Using bit manipulation to tell if an unsigned integer can be expressed in the form 2^n-1

Question

To test if an unsigned integer is of the form 2^n-1 we use:

x&(x+1)

What is that supposed to equal? That is,

x&(x+1) == ?

Answer 1

In complement to the existing answers, here is a short explanation of why numbers x that are not of the form 0b00000 (zero) or 0b0111..11 (all lowest digits set, these are all the numbers 2^n-1 for n>0) do not have the property x&(x+1) == 0.

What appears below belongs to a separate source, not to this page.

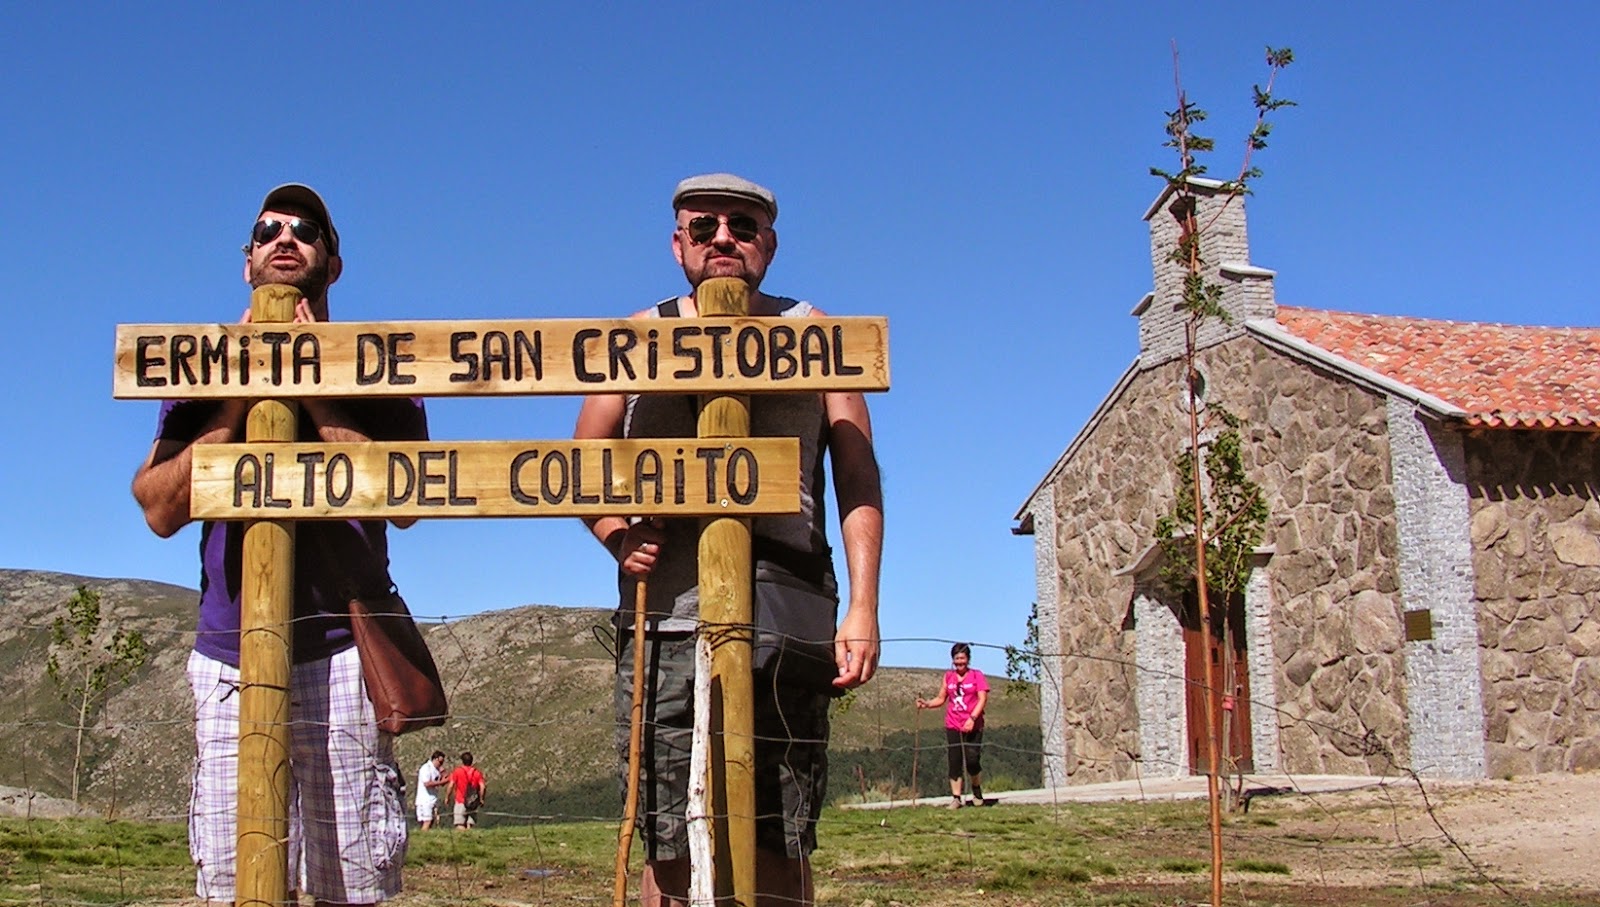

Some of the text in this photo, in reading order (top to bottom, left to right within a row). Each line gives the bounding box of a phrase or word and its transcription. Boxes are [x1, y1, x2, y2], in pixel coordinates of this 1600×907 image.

For a number x of the form 0b????1000..00, x+1 has the same digits as x except for the least significant bit, so x & (x+1) has at least one bit set, the bit that was displayed as being set in x. By way of shorter explanation:

x       0b????1000..00
x+1     0b????1000..01
x&(x+1) 0b????10000000

For a number x of the form 0b????10111..11:

x       0b????10111..11
x+1     0b????110000000
x&(x+1) 0b????10000..00

In conclusion, if x is not either zero or written in binary with all lowest digits set, then x&(x+1) is not zero.

Answer 2

A number of the form 2^n-1 will have all of the bits up to the nth bit set. For example, 2^3-1 (7) is:

0b0111

If we add one to this, we get 8:

0b1000

Then, performing a bitwise and, we see that we get zero, because no bit is set on in both numbers. If we start with a number not of the form 2^n+1, then the result will be nonzero.

Answer 3

Zero. If X is 2^N-1, it is an unbroken string of 1's in binary. One more than that is a 1 followed by a string of zeroes same length as X, so the two numbers have no 1 bits in common in any location, so the AND of the two is zero.